### MATERIAL FOR THE TASK
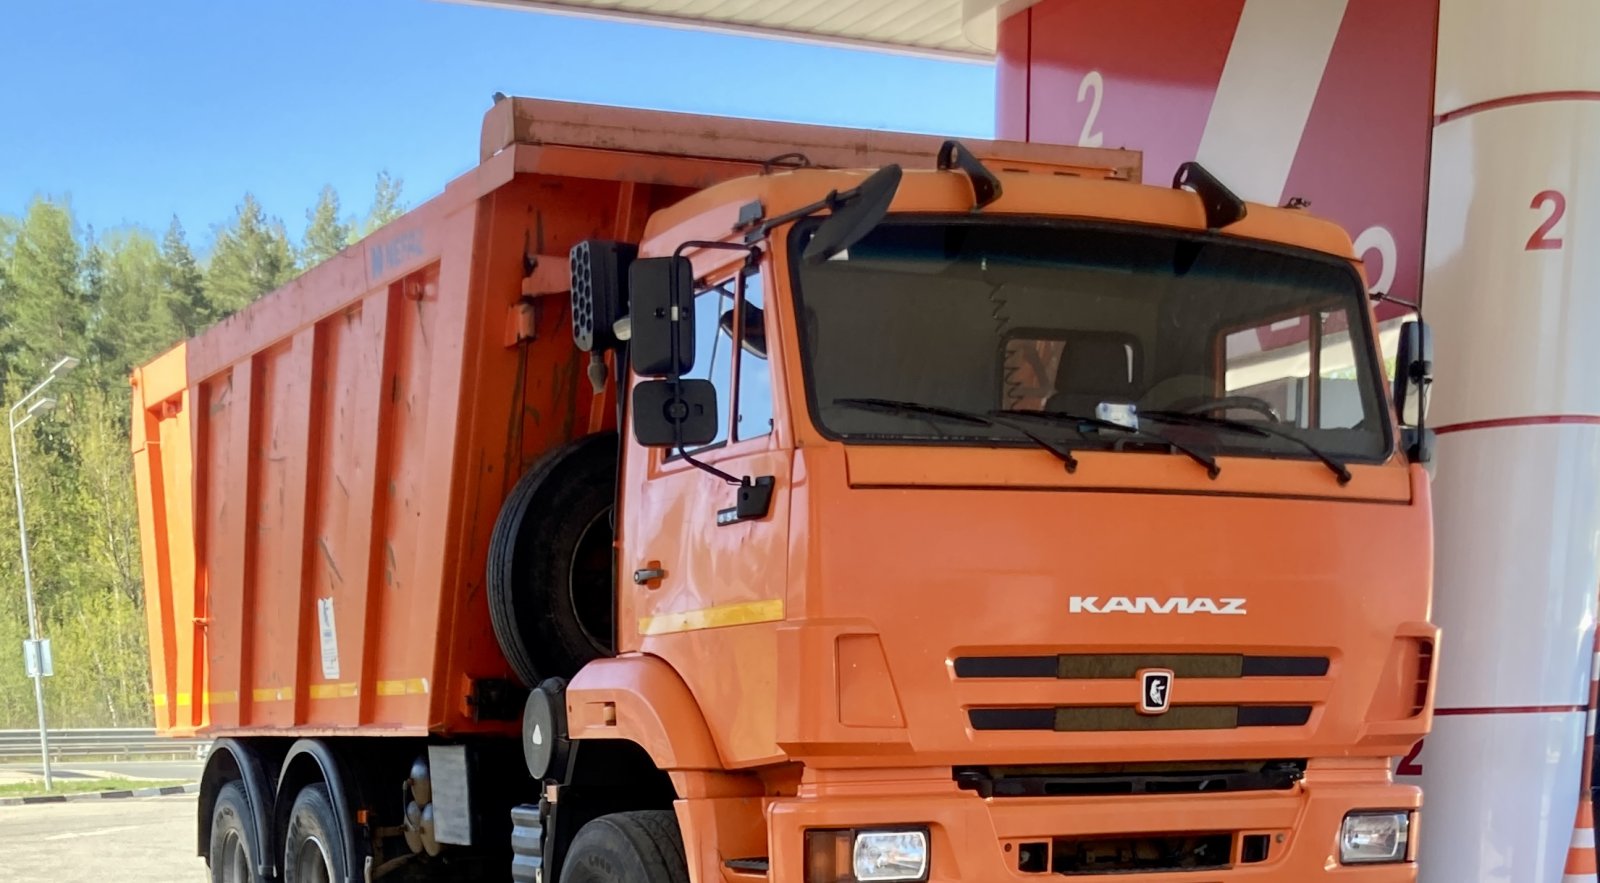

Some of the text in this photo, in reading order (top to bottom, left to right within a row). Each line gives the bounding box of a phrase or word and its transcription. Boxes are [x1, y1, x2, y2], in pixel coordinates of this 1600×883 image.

[1077, 71, 1103, 148] 2
[1525, 190, 1566, 251] 2
[1069, 596, 1247, 615] KAMAZ
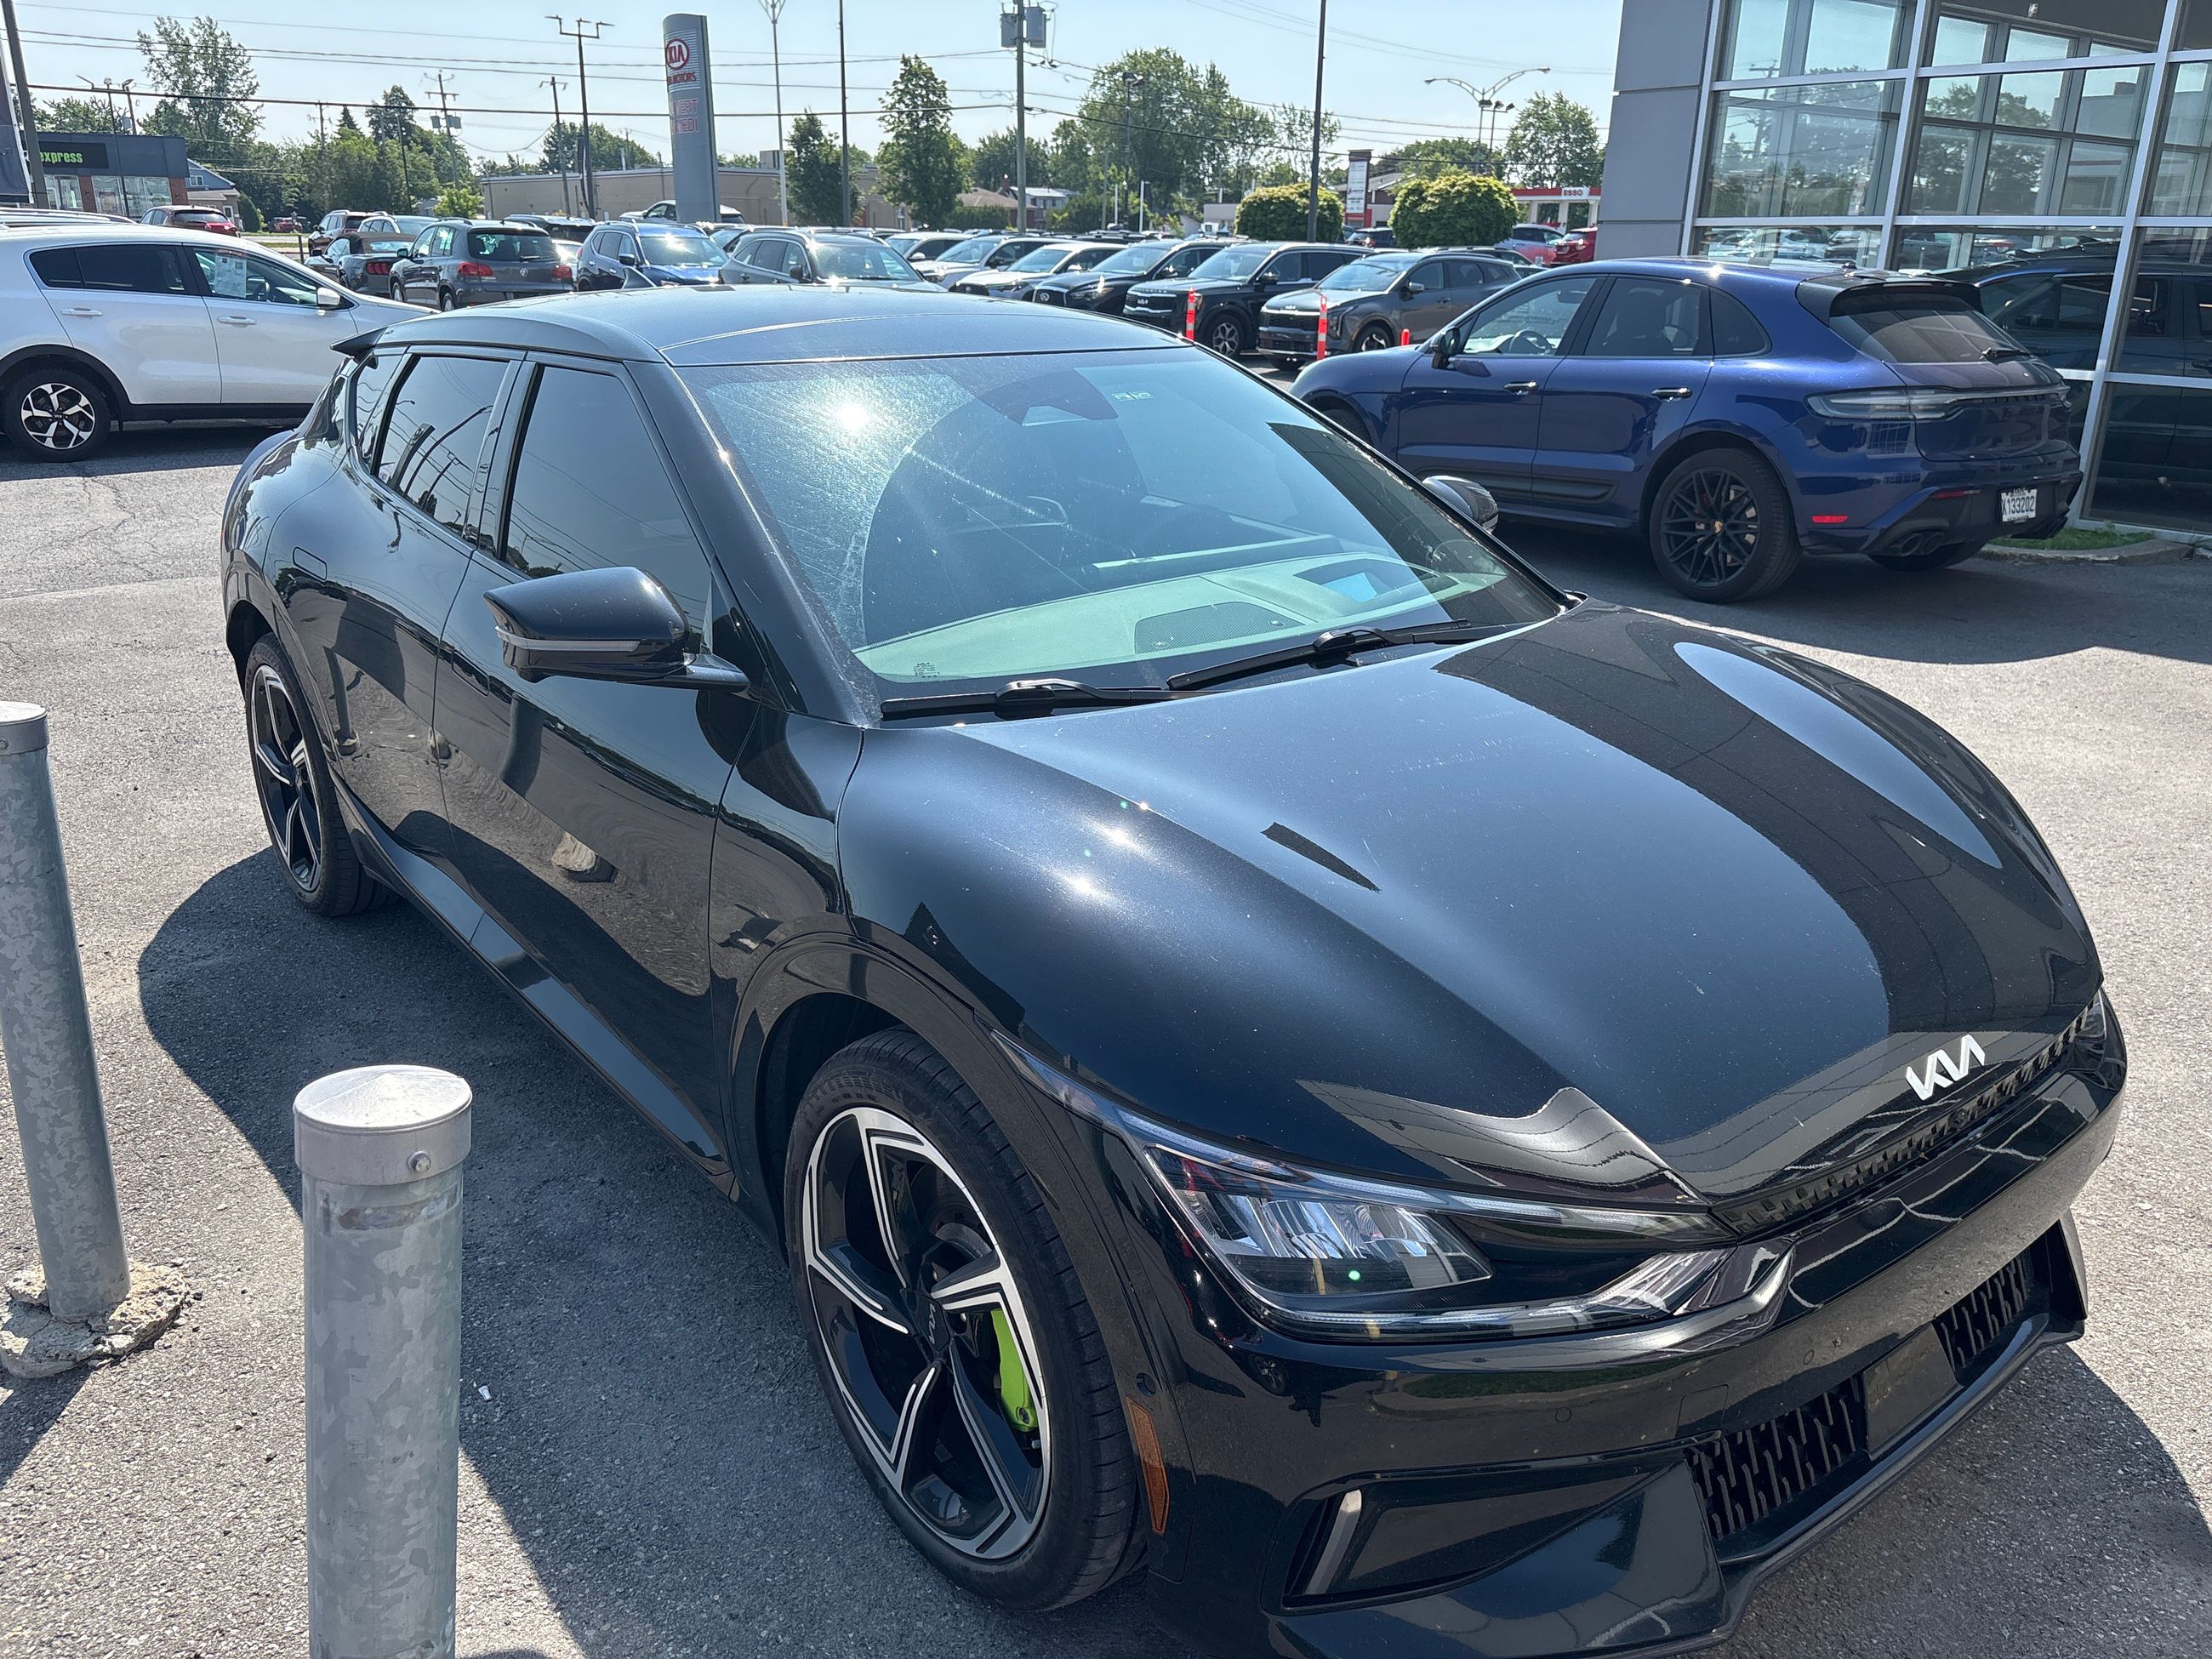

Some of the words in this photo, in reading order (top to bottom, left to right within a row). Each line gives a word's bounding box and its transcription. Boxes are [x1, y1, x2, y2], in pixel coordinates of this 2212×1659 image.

[668, 44, 685, 64] KIA
[39, 151, 83, 164] express
[1905, 1034, 1986, 1101] KIA

### TASK ITEM
The line with "Some of the words" and every line after it up to the end of the entries: output those exactly, and only those.

### FINAL ANSWER
Some of the words in this photo, in reading order (top to bottom, left to right within a row). Each line gives a word's bounding box and its transcription. Boxes are [x1, y1, x2, y2], in pixel coordinates of this 2212×1659 image.

[668, 44, 685, 64] KIA
[39, 151, 83, 164] express
[1905, 1034, 1986, 1101] KIA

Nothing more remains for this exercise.